I want to derive the Ward-Takahashi identity due to the diffeomorphism invariance. For simplicity, we take the insertion $\cdots$ as some world scalar $\psi(x)$ which may carry nontrivial local Lorentz representation, e.g., Dirac spinor. The invariance reads as \begin{eqnarray} \langle\psi(x+\xi)\rangle_{e^a_\mu+\delta e^a_\mu}=\langle\psi(x)\rangle_{e^a_\mu}, \end{eqnarray} with \begin{eqnarray} \delta e^a_\mu&=&-\xi^\nu\partial_\nu e^a_\mu-e^a_\nu\partial_\mu\xi^\nu\\ &=&-\xi^\nu\triangledown_\nu e^a_\mu-e^a_\nu\triangledown_\mu\xi^\nu, \end{eqnarray} where $\triangledown$ is the conventional covariant derivative only taking care of the Einstein indices $\mu$. Putting into the definition of the stress tensor, I obtain for the infinitesimal and compactly supported $\xi$, \begin{eqnarray} \xi^\nu\partial_\nu\langle \psi(x)\rangle_e&=&\int dy e(y)\delta e^a_\mu(y)\langle T^\mu{}_a(y)\psi(x)\rangle_e \\ &=&-\int dy \sqrt{g}[\xi^\nu\triangledown_\nu e^a_\mu+e^a_\nu\triangledown_\mu\xi^\nu]\langle T^\mu{}_a(y)\psi(x)\rangle_e. \end{eqnarray} Defining \begin{eqnarray} T^{\mu}{}_\nu\equiv T^\mu{}_ae^a_\nu, \end{eqnarray} and using the arbitrariness of $\xi$ and integration by parts, we have \begin{eqnarray} \sqrt{g}\triangledown_\mu T^\mu{}_\nu(y)\psi(x)=\delta(y-x)\partial_\nu\psi(x)+\sqrt{g}[\triangledown_\nu e^a_\mu] T^\mu{}_a(y)\psi(x). \end{eqnarray}

I think the second term on the right-hand side should be absent in the correct answer. I have tried to prove the second term vanishes, e.g., using $T^{\mu\nu}=T^{\nu\mu}$, but this classical equation does not hold in the QFT due to possible nontrivial contact term.

My question is whether my derivation above is correct or not?
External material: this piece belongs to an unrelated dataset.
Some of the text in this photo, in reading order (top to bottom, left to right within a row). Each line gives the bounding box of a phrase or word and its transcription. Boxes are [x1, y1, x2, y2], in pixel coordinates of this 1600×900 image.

If correct, how to interpret the second additional term which sounds like an additional local Lorentz rotation?

===Appendix===

Now I explain why $[T^{\mu\nu}-T^{\nu\mu}]$ has a nonzero contact term with $\psi$ when, for instance, $\psi$ transforms nontrivially under local Lorentz (actually "orthogonal" in the current Riemannian case) transformation.

Let us assume that the generator matrix for $\psi$ from the local Lorentz transformation is $S_{ab}$ and $S_{ab}=-S_{ba}$. Then \begin{eqnarray} \langle(1-\frac{i}{2}\lambda^{ab}(x)S_{ab})\psi(x)\rangle_{e^a_\mu+\lambda^{ab}e_{b\mu}}=\langle\psi(x)\rangle_{e^a_\mu}, \end{eqnarray} where $\lambda^{ab}(x)$ is an infinitesimal transformation $\lambda^{ab}=-\lambda^{ba}$.
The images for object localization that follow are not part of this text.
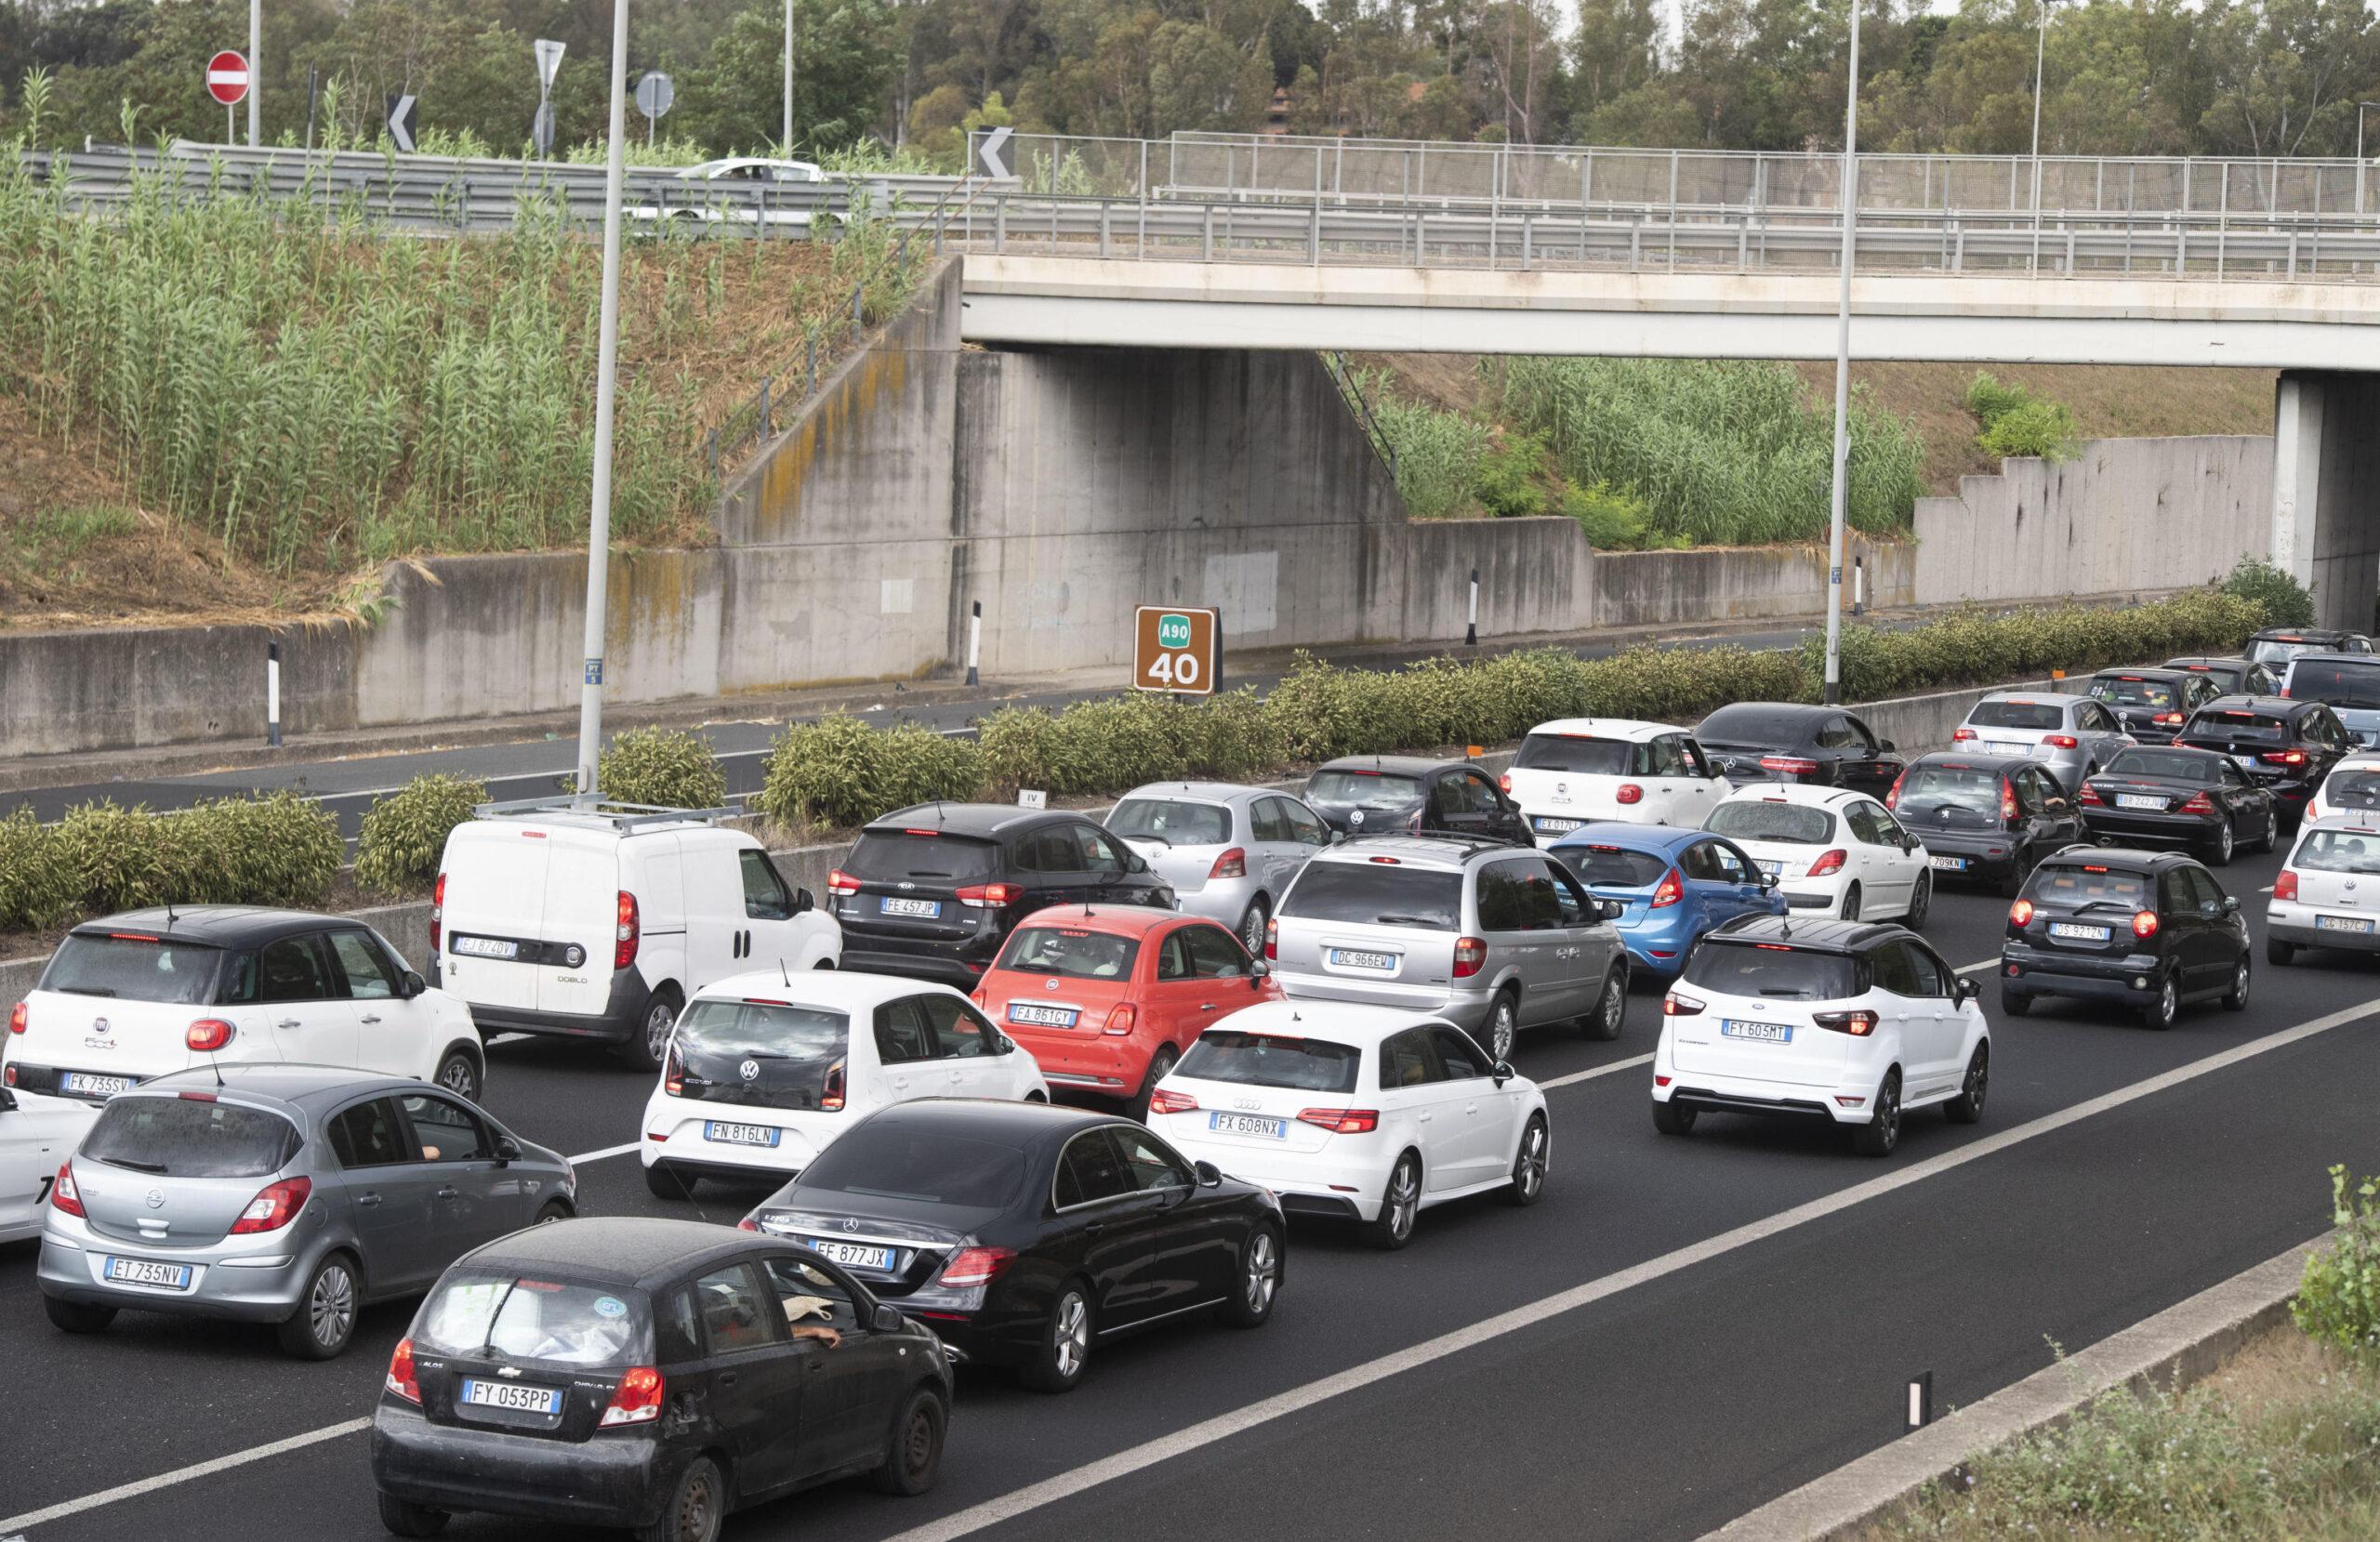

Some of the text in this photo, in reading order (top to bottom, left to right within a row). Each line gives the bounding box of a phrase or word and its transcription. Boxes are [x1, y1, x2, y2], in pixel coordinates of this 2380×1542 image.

[1161, 624, 1188, 639] A90
[1148, 652, 1199, 685] 40
[1541, 819, 1551, 829] EX
[1934, 857, 1960, 867] 709KN
[888, 900, 934, 915] FE 457JP
[2057, 924, 2103, 938] DS 921ZN
[2324, 917, 2366, 931] CG 157CJ
[463, 938, 509, 955] EJ 874DV
[1338, 952, 1387, 967] DC 966EW
[558, 976, 588, 984] DOBLO
[1016, 1008, 1069, 1023] FA 861GY
[1730, 1022, 1784, 1039] FY 605MT
[71, 1074, 128, 1092] FK 735SV
[1218, 1114, 1278, 1135] FX 608NX
[713, 1124, 772, 1143] FN 816LN
[840, 1245, 886, 1267] 877JX
[114, 1259, 180, 1284] ET 735NV
[473, 1383, 550, 1410] FY 053PP
Then, by the definition of the stress tensor, we obtain \begin{eqnarray} \sqrt{g}e^{\mu}_a e^\nu_b[T_{\mu\nu}-T_{\nu\mu}](y)\psi(x)=iS_{ab}\psi(x)\delta(y-x). \end{eqnarray} It also implies that when our theory contains spinors, we must define the stress tensor by variation of tetrad $e^a_\mu$ rather than the metric $\delta g_{\mu\nu}$, the later of which is automatically symmetric.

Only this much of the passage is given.